After an excellent series of league results in January had raised hopes of a late run to the title, February was a disaster which effectively killed off talk of Liverpool winning the last old First Division title - as the top flight of English football would become the FA Premier League from the start of the 1992-93 season. The month began with a 2–1 home defeat by Chelsea, followed by a goalless draw at relegation threatened Coventry City and a 3-0 hammering at fellow strugglers Norwich City. The month ended with another struggling side, Southampton, paying a visit to Anfield, but neither side could find the net and the match ended as a goalless draw. The Reds ended the month fifth in the league, but were now 13 points adrift of leaders Manchester United with 12 games to go. It was now looking as though Liverpool would finish outside the top two for the first time since 1981, as 11 points separated them from second placed Leeds United.

March
A 4-1 aggregate defeat by Genoa of Italy in the UEFA Cup quarter-finals ended Liverpool's hopes of a glorious return to European football, but their last hope of silverware was kept alive when recently signed midfielder Michael Thomas - whose last minute goal against them for former club Arsenal had deprived them of title glory in 1989 - scored the only goal for a quarter-final win over Aston Villa in the FA Cup.

Liverpool's league form improved as they managed wins over West Ham United, Notts County and Tottenham Hotspur, but were defeated by Crystal Palace and Sheffield United, ensuring that they ended the month no higher than fourth in the league.

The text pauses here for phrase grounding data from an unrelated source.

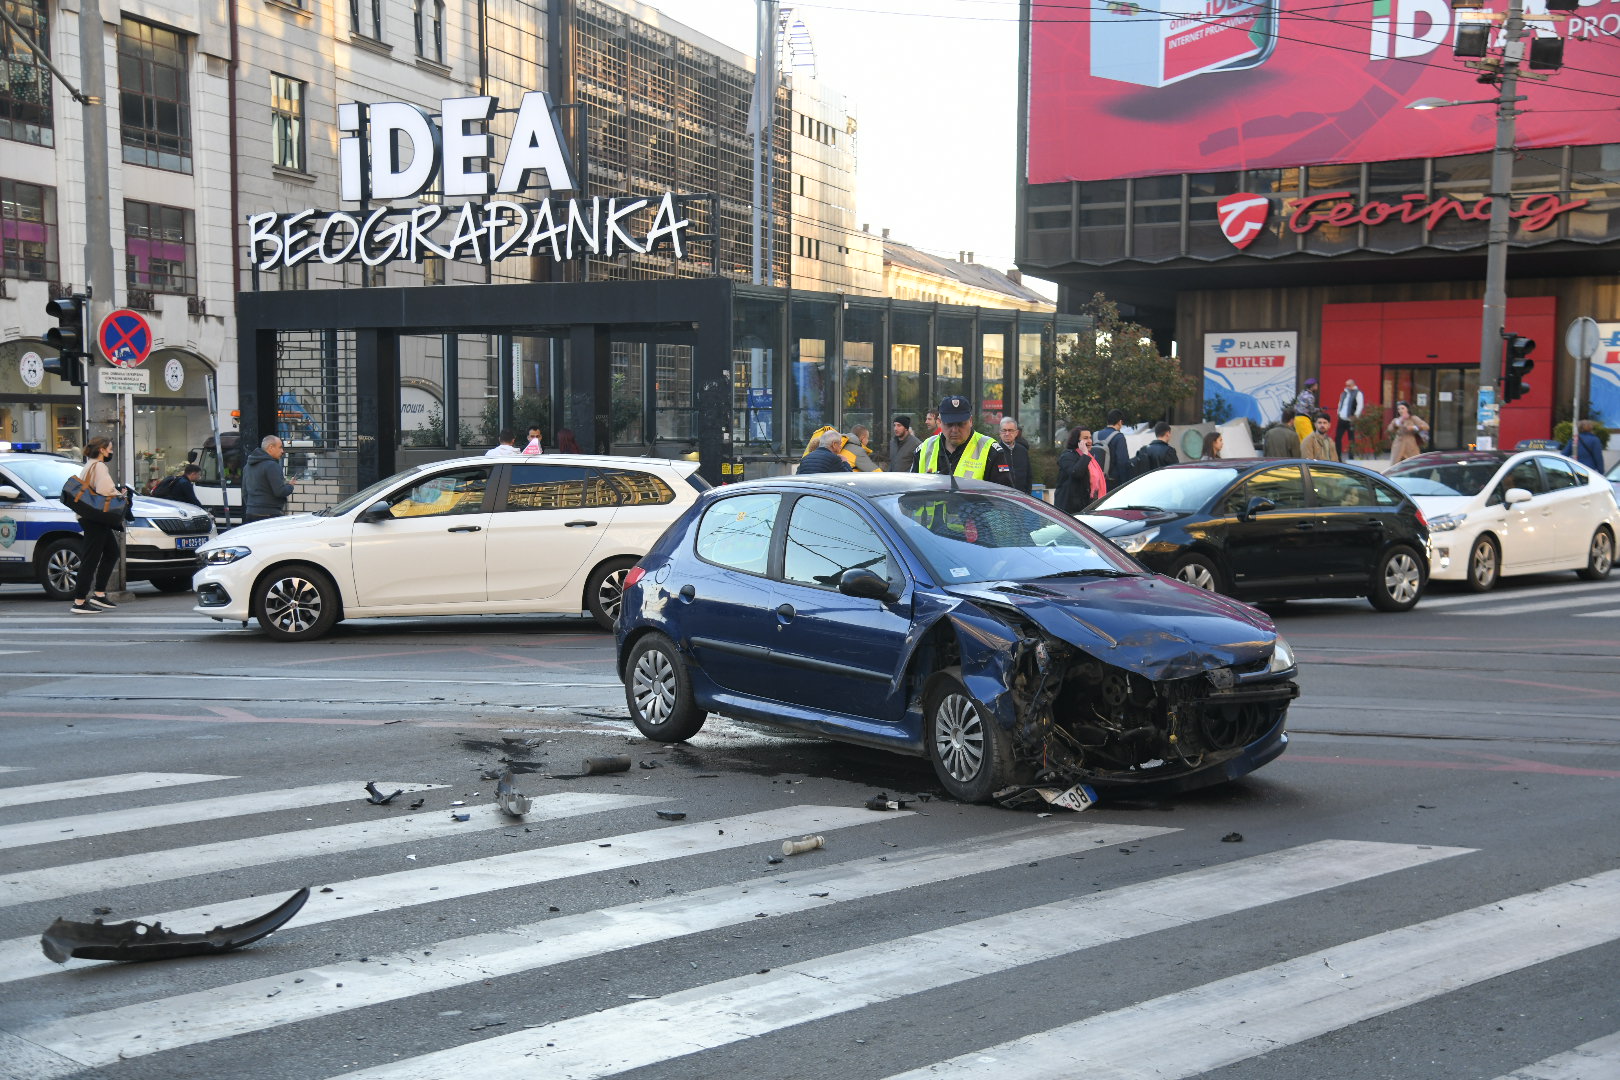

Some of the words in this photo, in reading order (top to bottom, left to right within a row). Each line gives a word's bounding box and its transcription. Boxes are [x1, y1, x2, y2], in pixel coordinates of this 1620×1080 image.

[1168, 29, 1205, 50] INTERNET
[248, 192, 690, 270] BEOGRAĐANKA
[1239, 340, 1291, 350] PLANETA
[1225, 356, 1275, 368] OUTLET
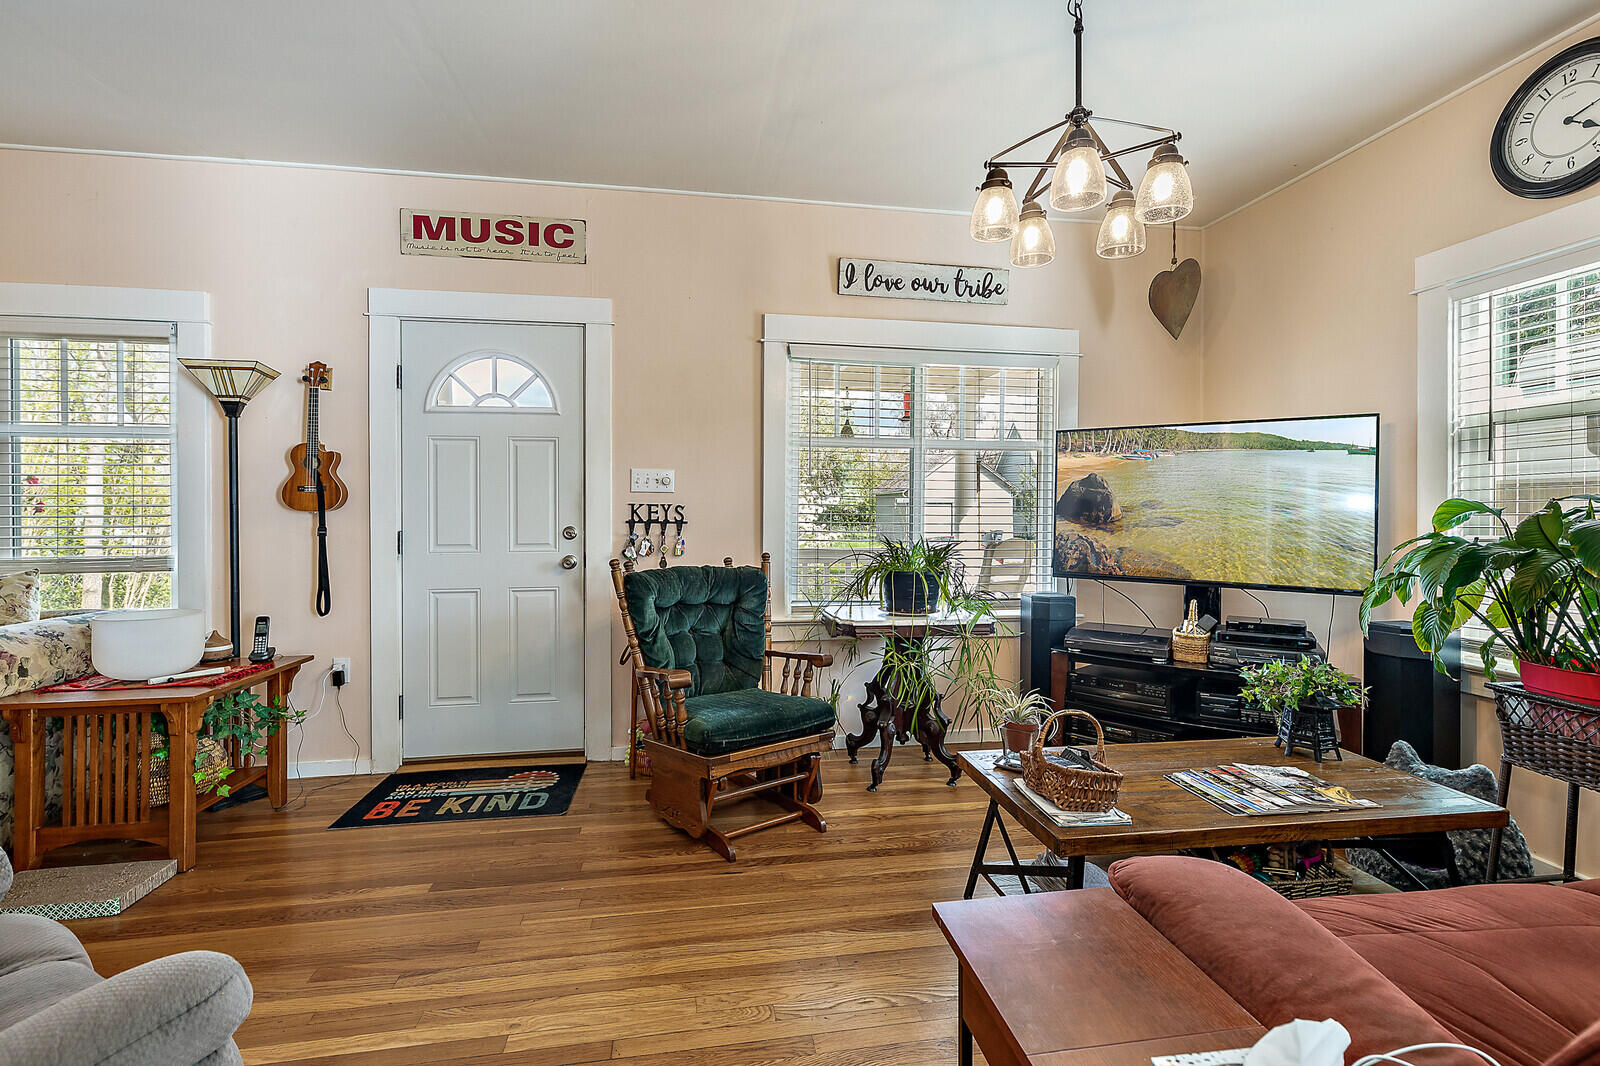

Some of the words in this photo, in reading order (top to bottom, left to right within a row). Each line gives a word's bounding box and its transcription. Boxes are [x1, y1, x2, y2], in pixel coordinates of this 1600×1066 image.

[1561, 69, 1577, 86] 12
[1536, 88, 1552, 102] 11
[1519, 112, 1535, 125] 10
[1514, 137, 1528, 147] 9
[1521, 153, 1534, 166] 8
[1566, 156, 1576, 170] 6
[1542, 160, 1553, 174] 7
[412, 214, 575, 249] MUSIC
[406, 242, 438, 250] Music
[843, 262, 858, 289] I
[864, 262, 906, 292] love
[911, 277, 949, 294] our
[953, 268, 1006, 299] tribe
[627, 503, 686, 522] KEYS
[362, 799, 432, 820] BE
[435, 792, 550, 815] KIND

The title was still a mathematical possibility as they trailed leaders Manchester United by 12 points with seven games remaining at the end of the month, but it now appeared a practical impossibility and Liverpool's efforts were now better focused on FA Cup success.

April
It had been a long and hard route for Liverpool in the FA Cup, but they finally did get to the FA Cup final. The semi-final draw paired them with Second Division Portsmouth, and the game was still deadlock with 90 minutes on the clock. The Hampshire side went ahead in extra time, and only a late equaliser by Ronnie Whelan prevented a defeat which would have sent Portsmouth through to the first non top division final to take on fellow Second Division side Sunderland.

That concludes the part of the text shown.